• **Task brief**:
Output every line below as it stands, dropping only the images.

Saved data entries:

* * * * *

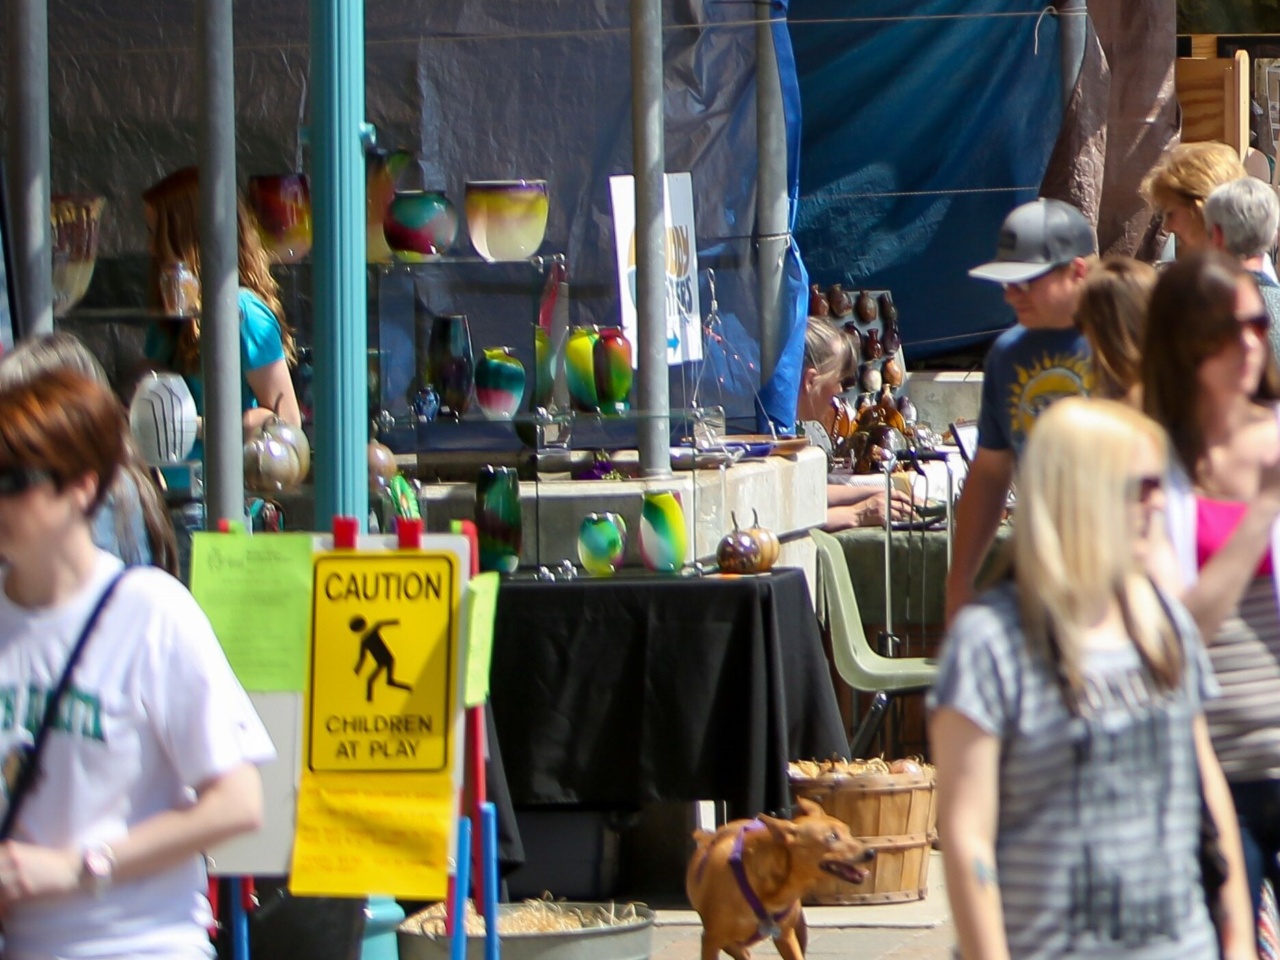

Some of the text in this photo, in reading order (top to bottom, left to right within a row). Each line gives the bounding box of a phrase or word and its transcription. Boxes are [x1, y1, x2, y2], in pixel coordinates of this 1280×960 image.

[324, 571, 443, 601] CAUTION
[325, 713, 434, 735] CHILDREN
[335, 739, 421, 760] AT PLAY
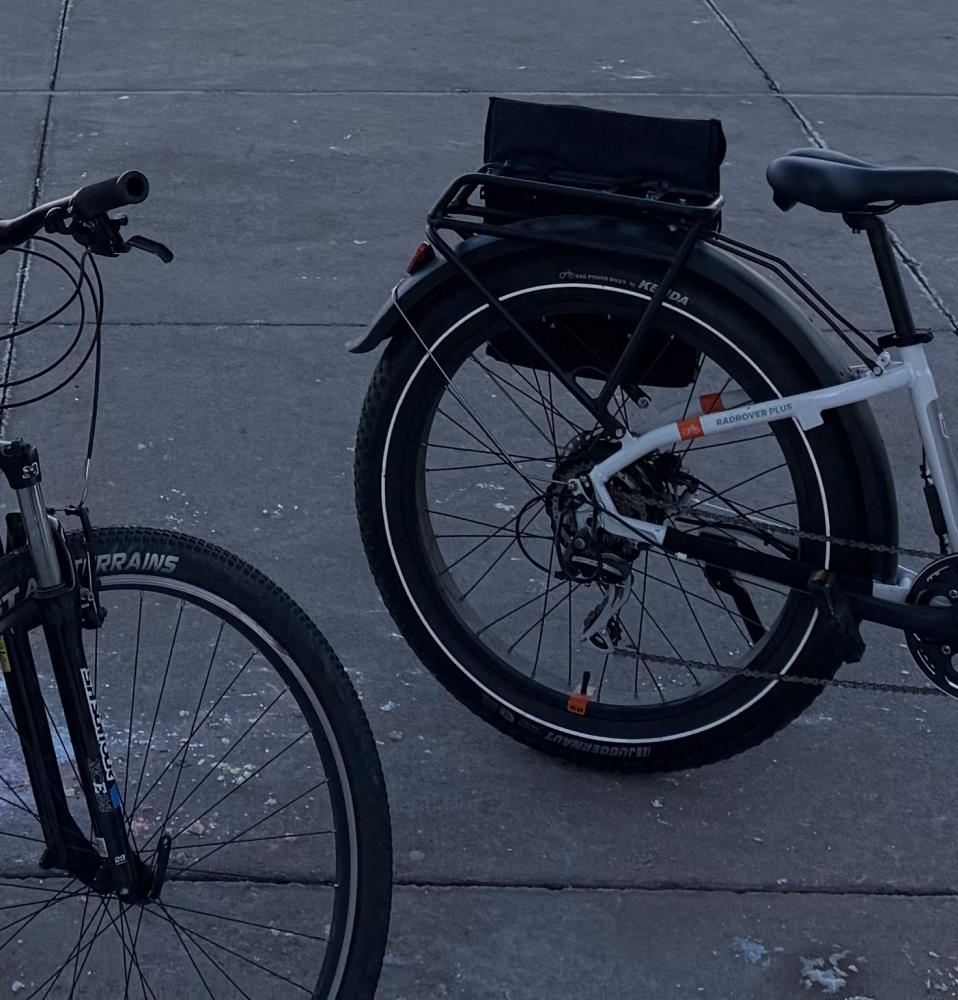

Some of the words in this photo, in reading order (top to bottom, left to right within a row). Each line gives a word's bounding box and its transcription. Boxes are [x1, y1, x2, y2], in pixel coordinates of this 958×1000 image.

[638, 280, 690, 306] KEDA
[716, 409, 767, 426] RADROVER
[768, 403, 793, 416] PLUS
[75, 552, 179, 576] TRRAINS
[544, 731, 638, 757] JUGGERNAUT
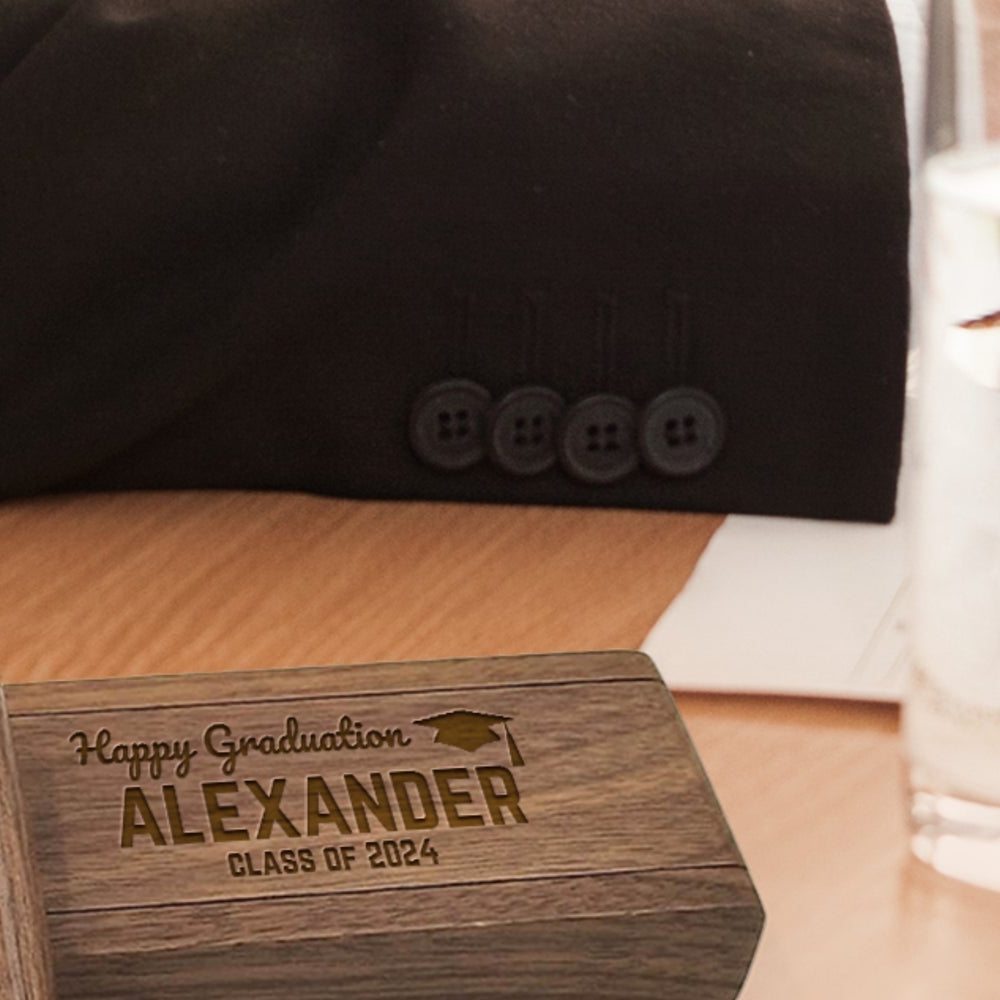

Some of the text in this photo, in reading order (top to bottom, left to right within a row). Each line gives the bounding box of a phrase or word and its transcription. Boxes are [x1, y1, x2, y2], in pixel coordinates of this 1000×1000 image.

[69, 716, 412, 781] Happy Graduation
[120, 765, 529, 848] ALEXANDER
[228, 838, 440, 878] CLASS OF 2024
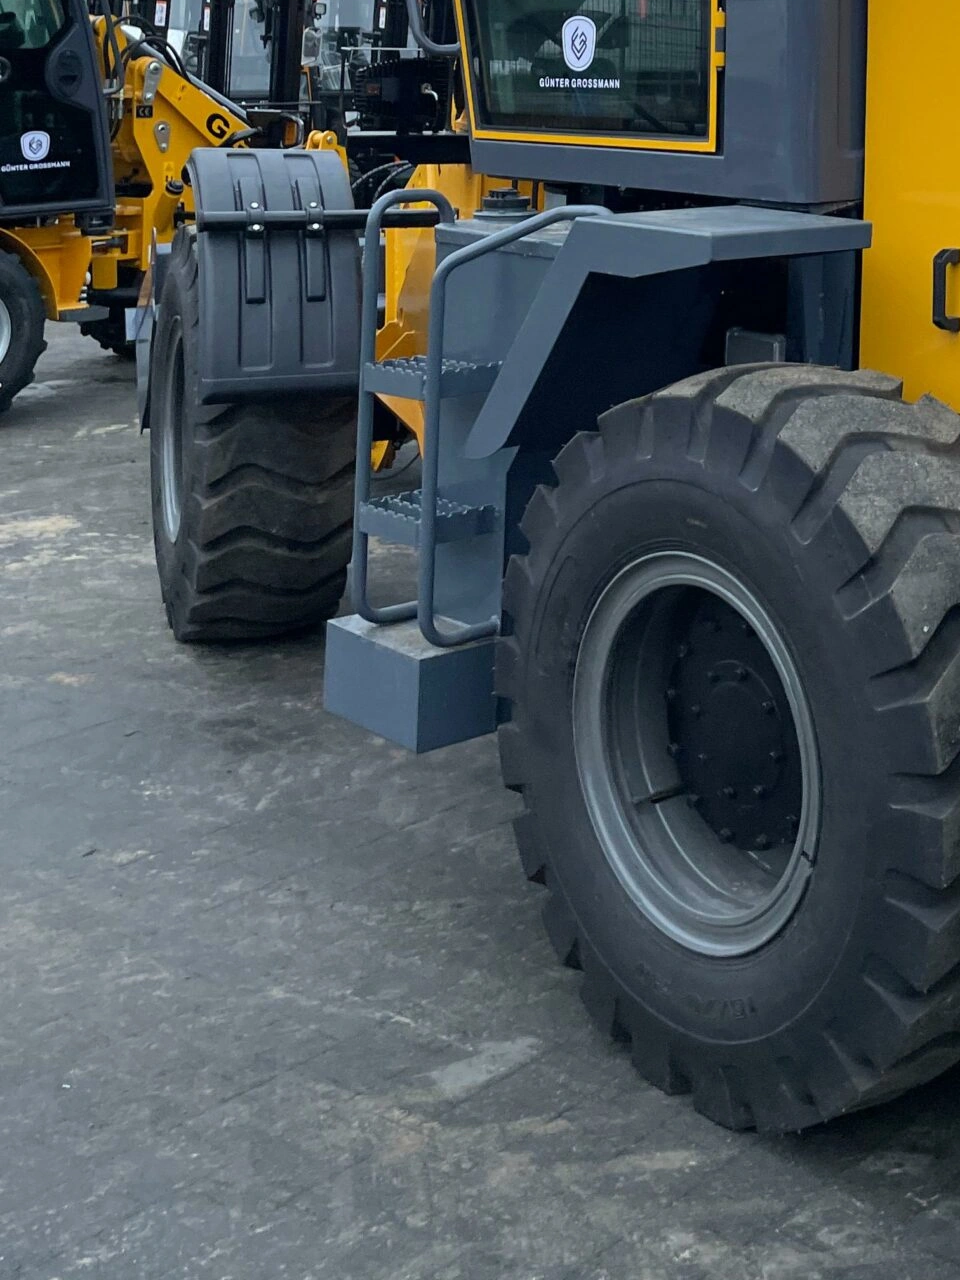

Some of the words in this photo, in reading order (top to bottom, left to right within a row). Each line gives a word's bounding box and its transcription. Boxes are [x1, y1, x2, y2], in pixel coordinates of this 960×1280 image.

* * * * *

• **Exercise solution**:
Some of the text in this photo, in reading order (top to bottom, left to right within a row). Each line gives the bounding box of a phrase or word and its transcription. Boxes are [x1, y1, x2, y2], in pixel coordinates of this 1280×960 image.

[324, 571, 443, 601] CAUTION
[325, 713, 434, 735] CHILDREN
[335, 739, 421, 760] AT PLAY

Some of the words in this photo, in reading order (top to bottom, left to right within a row). Each line gives a word's bounding box and its transcription. Boxes are [x1, y1, x2, y2], in pixel coordinates of this 958×1000 image.

[638, 280, 690, 306] KEDA
[716, 409, 767, 426] RADROVER
[768, 403, 793, 416] PLUS
[75, 552, 179, 576] TRRAINS
[544, 731, 638, 757] JUGGERNAUT

Some of the text in this photo, in reading order (top to bottom, left to right within a row). Each line gives the bounding box of a phrase or word and its transcription. Boxes are [x1, y1, x2, y2], in pixel coordinates of this 1000×1000 image.

[69, 716, 412, 781] Happy Graduation
[120, 765, 529, 848] ALEXANDER
[228, 838, 440, 878] CLASS OF 2024

Some of the words in this photo, in reading order (top to bottom, left to right within a row). Each line gives a word's bounding box and its transcription. Boxes are [x1, y1, x2, y2], in pixel coordinates of this 960×1280 image.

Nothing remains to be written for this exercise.